> **Given information**:

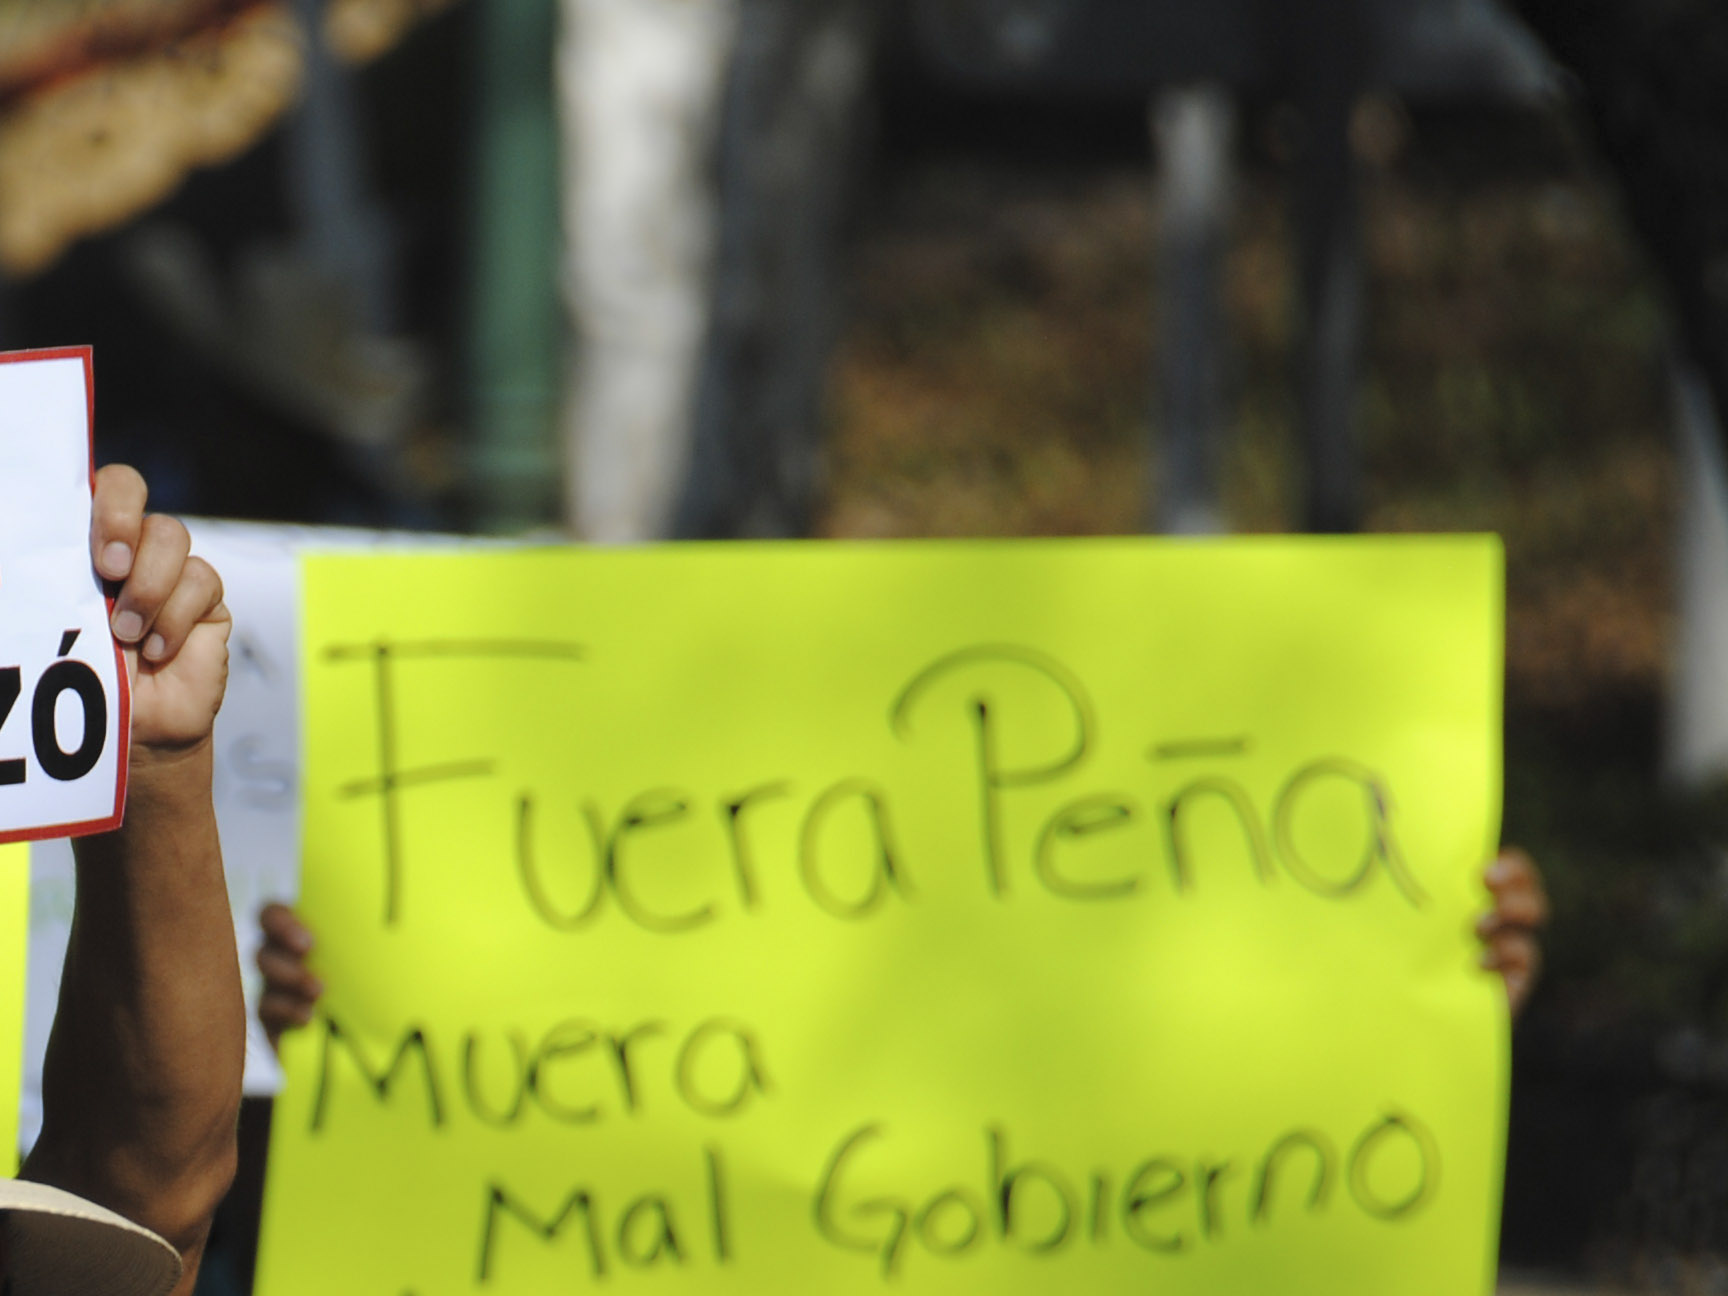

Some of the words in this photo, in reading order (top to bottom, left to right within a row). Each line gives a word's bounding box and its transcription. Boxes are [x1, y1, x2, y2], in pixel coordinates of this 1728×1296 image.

[320, 638, 916, 932] Fuera
[888, 640, 1430, 910] Peña
[308, 1012, 774, 1137] Muera
[472, 1144, 736, 1285] Mal
[808, 1104, 1444, 1278] Gobierno
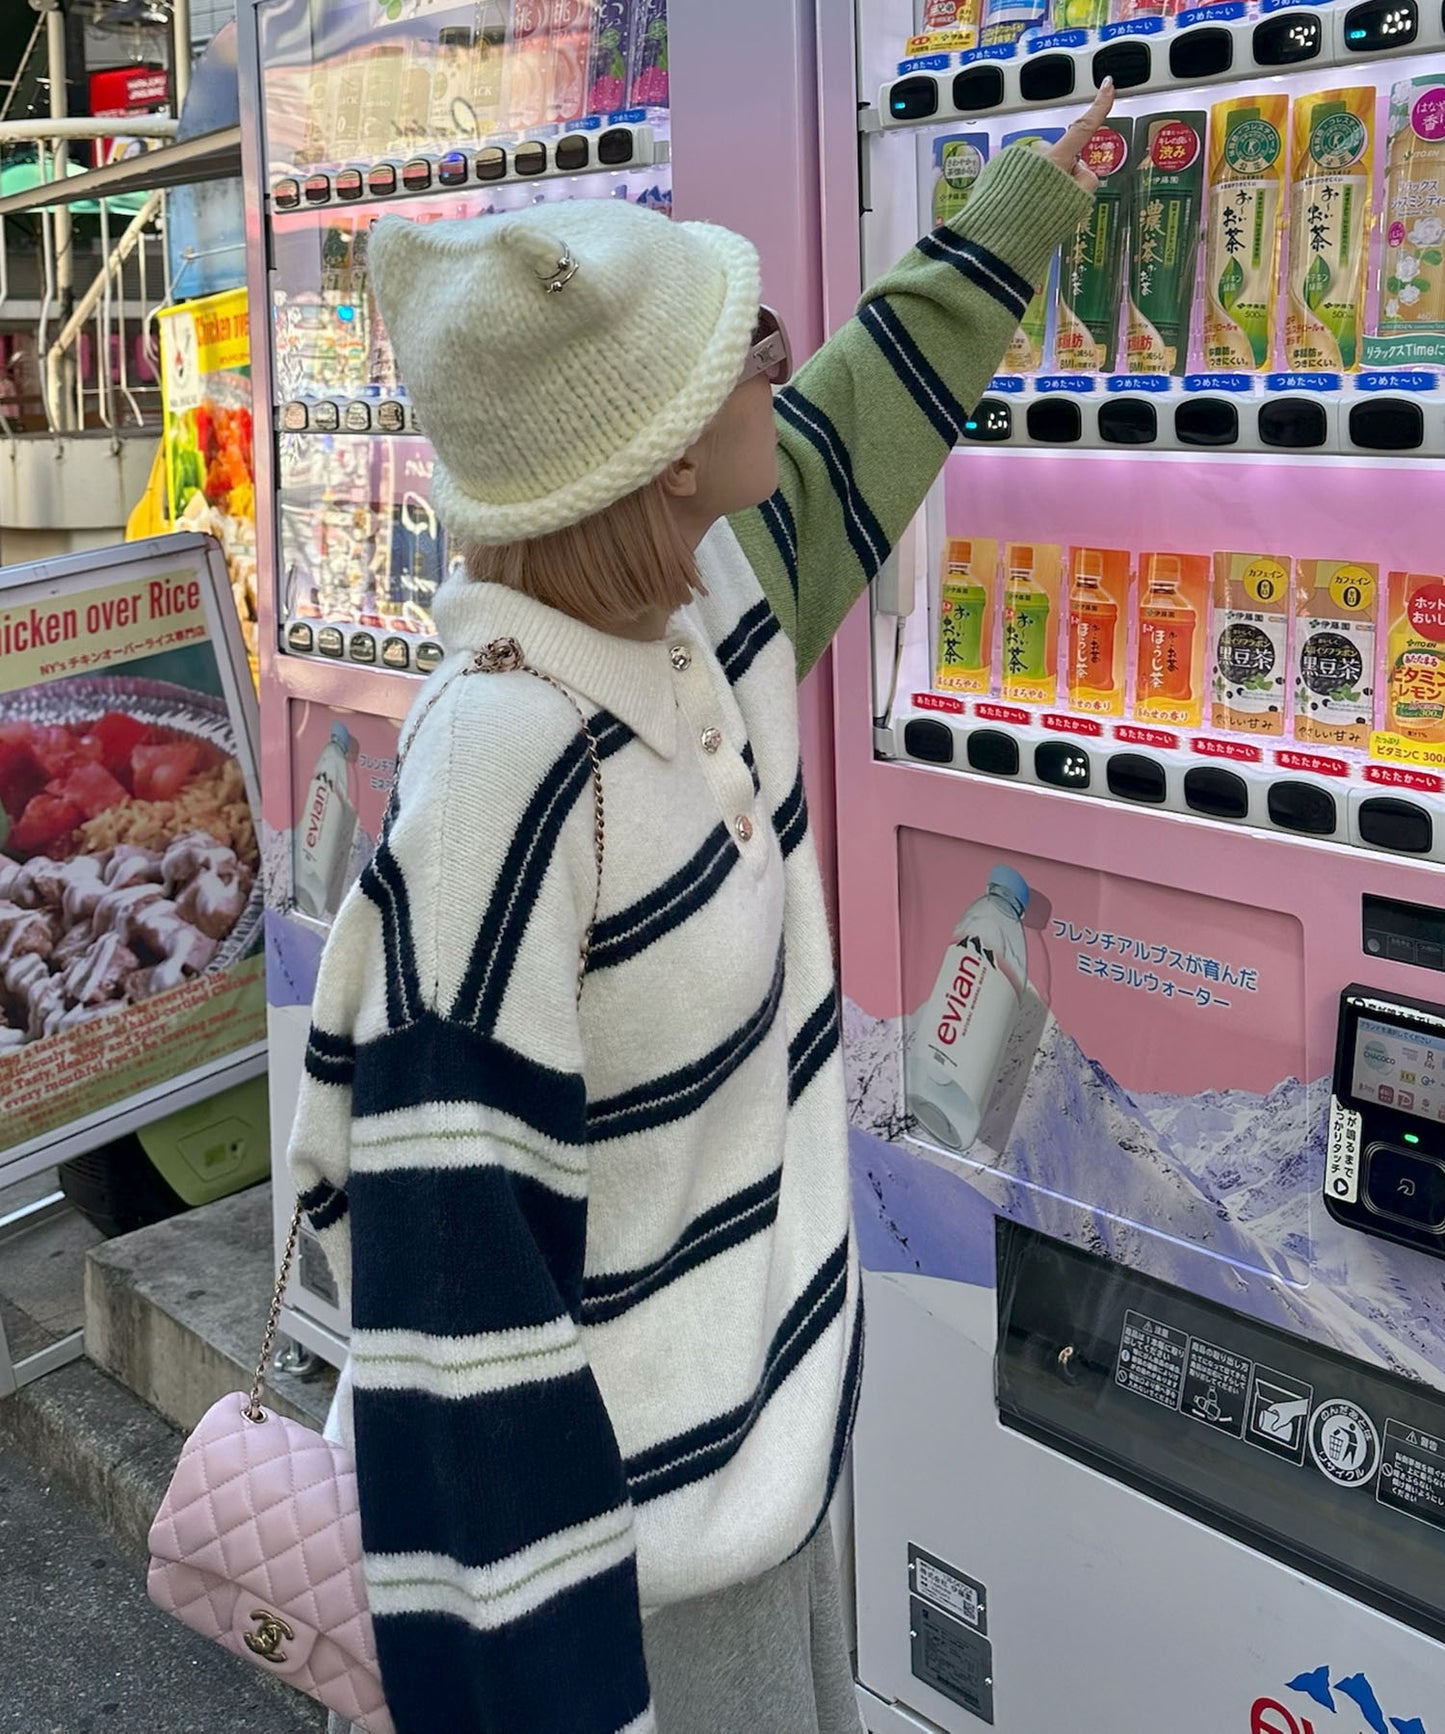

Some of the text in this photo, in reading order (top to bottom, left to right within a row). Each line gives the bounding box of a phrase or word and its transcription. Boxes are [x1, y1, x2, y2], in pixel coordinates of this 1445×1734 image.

> **Problem to solve**:
When you copy the records above, keep every word exact and drop the pictures.

> **Your solution**:
Some of the words in this photo, in reading order (top to bottom, left to right within a row). Each line gives a word's bounding box and its transcription. Boxes are [x1, y1, x2, y2], in pixel coordinates of this 1728×1296 image.

[320, 638, 916, 932] Fuera
[888, 640, 1430, 910] Peña
[308, 1012, 774, 1137] Muera
[472, 1144, 736, 1285] Mal
[808, 1104, 1444, 1278] Gobierno

Some of the text in this photo, in reading order (top to bottom, left to right within a row). Each line gives the bounding box of a phrase or word and its transcription. Boxes are [x1, y1, x2, y2], in pixel coordinates of this 1445×1734 image.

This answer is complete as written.